Los de abajo

La doble moral de PRI y PAN en el banquillo

*La narrativa del "narcoestado" frente a la memoria histórica


El arranque formal del proceso interno de Morena quedó marcado por una línea roja indispensable: la advertencia de su dirigente nacional, Ariadna Montiel, de vetar de forma estricta a perfiles con antecedentes de corrupción o presuntos vínculos con el crimen organizado.
 

Este blindaje político no ocurre en el vacío.
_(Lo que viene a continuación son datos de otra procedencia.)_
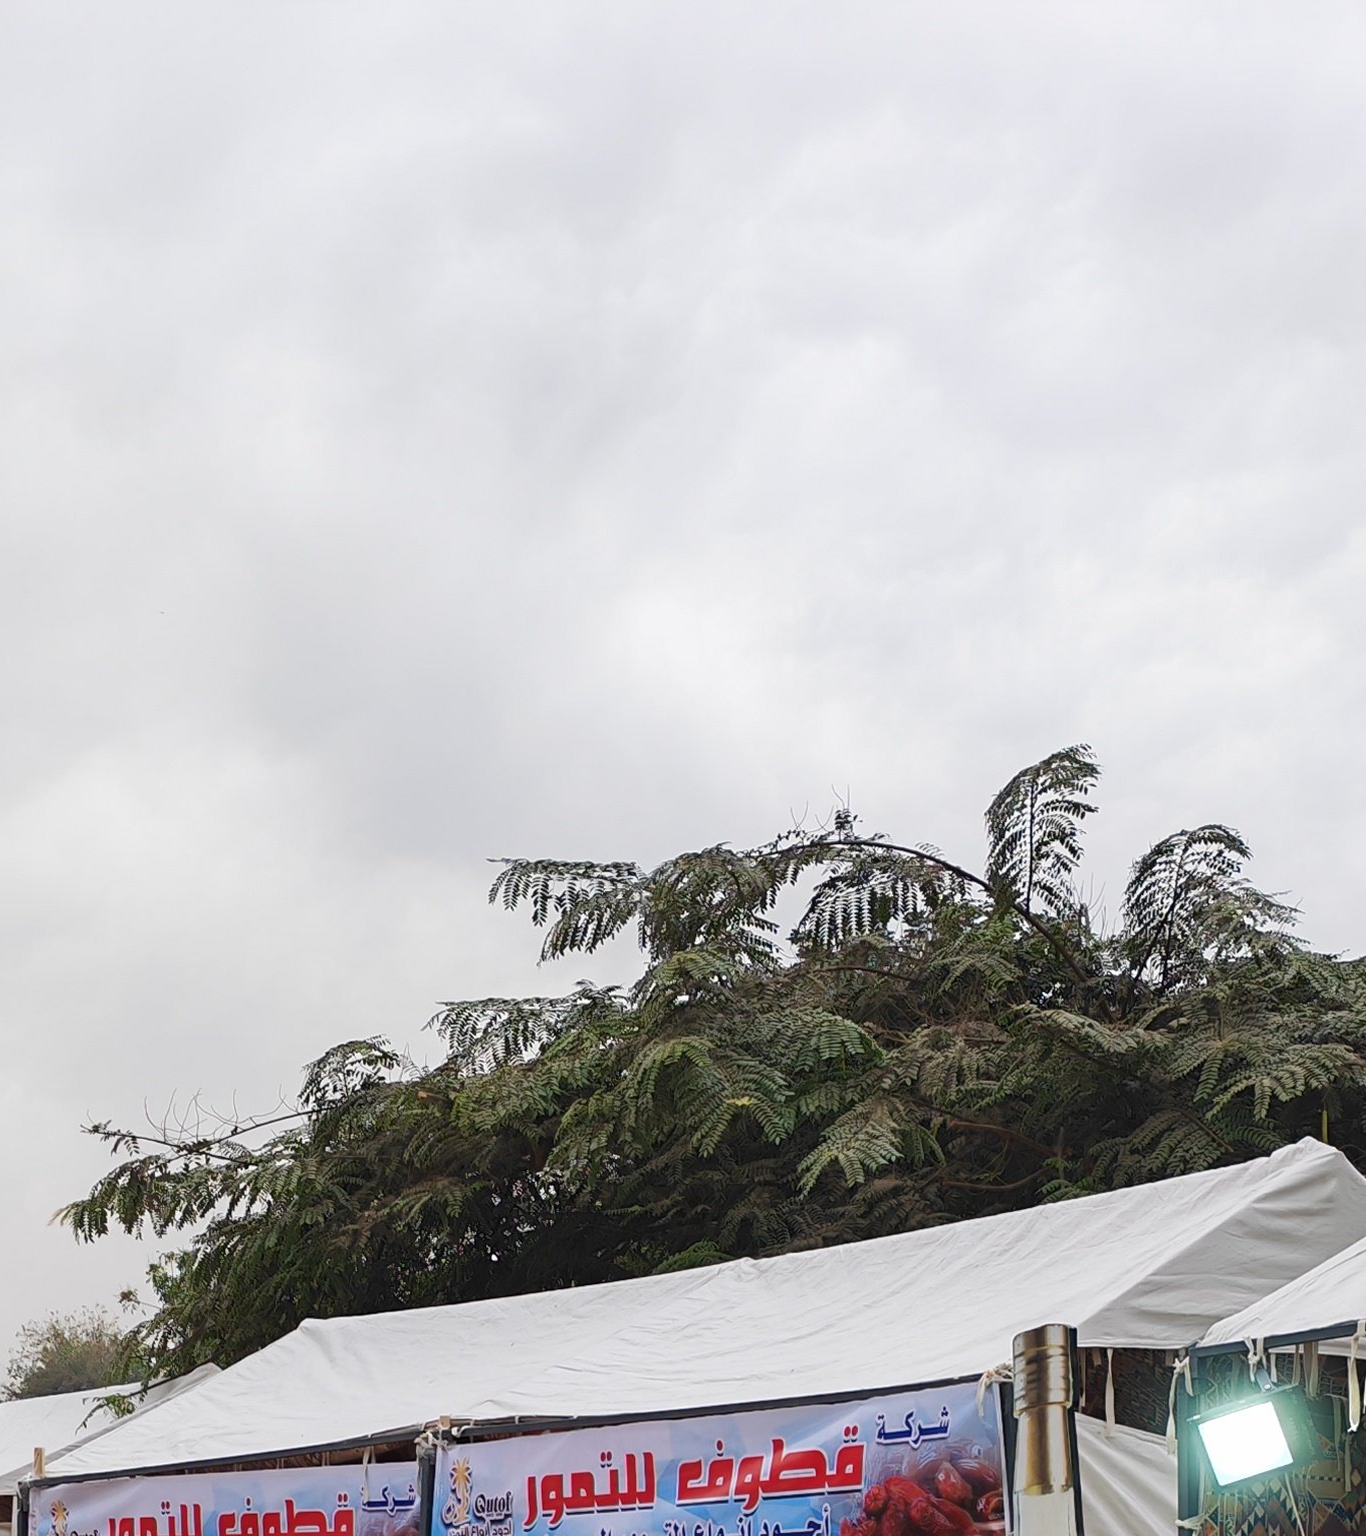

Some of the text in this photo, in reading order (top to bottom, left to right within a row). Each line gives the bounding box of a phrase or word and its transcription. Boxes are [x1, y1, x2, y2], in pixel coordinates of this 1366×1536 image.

[876, 1404, 951, 1450] شركة
[523, 1424, 866, 1532] قطوف للتمور
[475, 1490, 513, 1514] Qutof
Se presenta justo en medio de una nueva y agresiva acometida discursiva de Donald Trump, quien aprovechó los reflectores de la cumbre del G-7 celebrada en Francia para insistir en la falacia de que el narcotráfico controla México.
 

Desde ahí, lanzó condescendientes y errados dardos hacia la presidenta mexicana, afirmando que es buena pero está "asustada", un diagnóstico que distorsiona flagrantemente la realidad de un gobierno que no ha titubeado en la defensa de la soberanía nacional.
 

Esta narrativa internacional, lejos de ser un exabrupto aislado, forma parte de una estrategia coordinada por la ultraderecha global y sectores locales afines. El objetivo es burdo pero sistemático: asentar en el imaginario colectivo la idea de que el actual movimiento de transformación está asociado con la delincuencia.
 

Sin embargo, para que la crítica tenga un mínimo de autoridad moral, debe sostenerse en un espejo limpio. Hablar hoy de supuestas complicidades gubernamentales omitiendo el pasado reciente es un ejercicio de amnesia selectiva intolerable.
 

La memoria histórica de México no es corta. Fue precisamente bajo la bandera del PAN, durante la presidencia de Felipe Calderón, donde se construyó la paradoja más dolorosa y cínica de la llamada "guerra contra el narco": un secretario de Seguridad Pública federal, Genaro García Luna —hoy condenado en una corte estadounidense por narcotráfico— que utilizaba el aparato del Estado no para combatir al crimen, sino para pactar con él, sumiendo al país en una espiral de violencia sin precedentes.
 

El viejo régimen del PRI, por su parte, cimentó durante décadas un sistema de complicidades institucionales estructuradas, donde las relaciones con el narcotráfico no eran fallas del sistema, sino parte de su propio diseño para mantener el control político.
 

Por ello, el anuncio de la dirigencia de Morena de cara a las próximas elecciones intermedias adquiere una doble dimensión obligatoria. No basta con cerrar la puerta a los vínculos criminales evidentes; el filtro interno debe ser lo suficientemente fino para detectar y excluir a aquellos políticos oportunistas que, en lugar de sumar principios, restan credibilidad al proyecto.
 

En la construcción de la continuidad gubernamental, los perfiles reciclados con pasados oscuros o gestiones cuestionables se convierten en el caballo de Troya que valida las calumnias de la oposición.
 

La soberanía de México no puede ser el balón de fútbol de la política electoral estadounidense ni el argumento de conveniencia de una derecha local que busca fuera la legitimidad que no encuentra en las urnas.
 

La mejor respuesta a la injerencia extranjera vertida en foros como el G-7 y a la hipocresía histórica del PRI y del PAN es la congruencia interna absoluta. La regla impuesta por Montiel debe cumplirse sin excepciones ni favoritismos: quien reste autoridad moral o cargue con una sombra de duda en su expediente, no puede representar la transformación del país.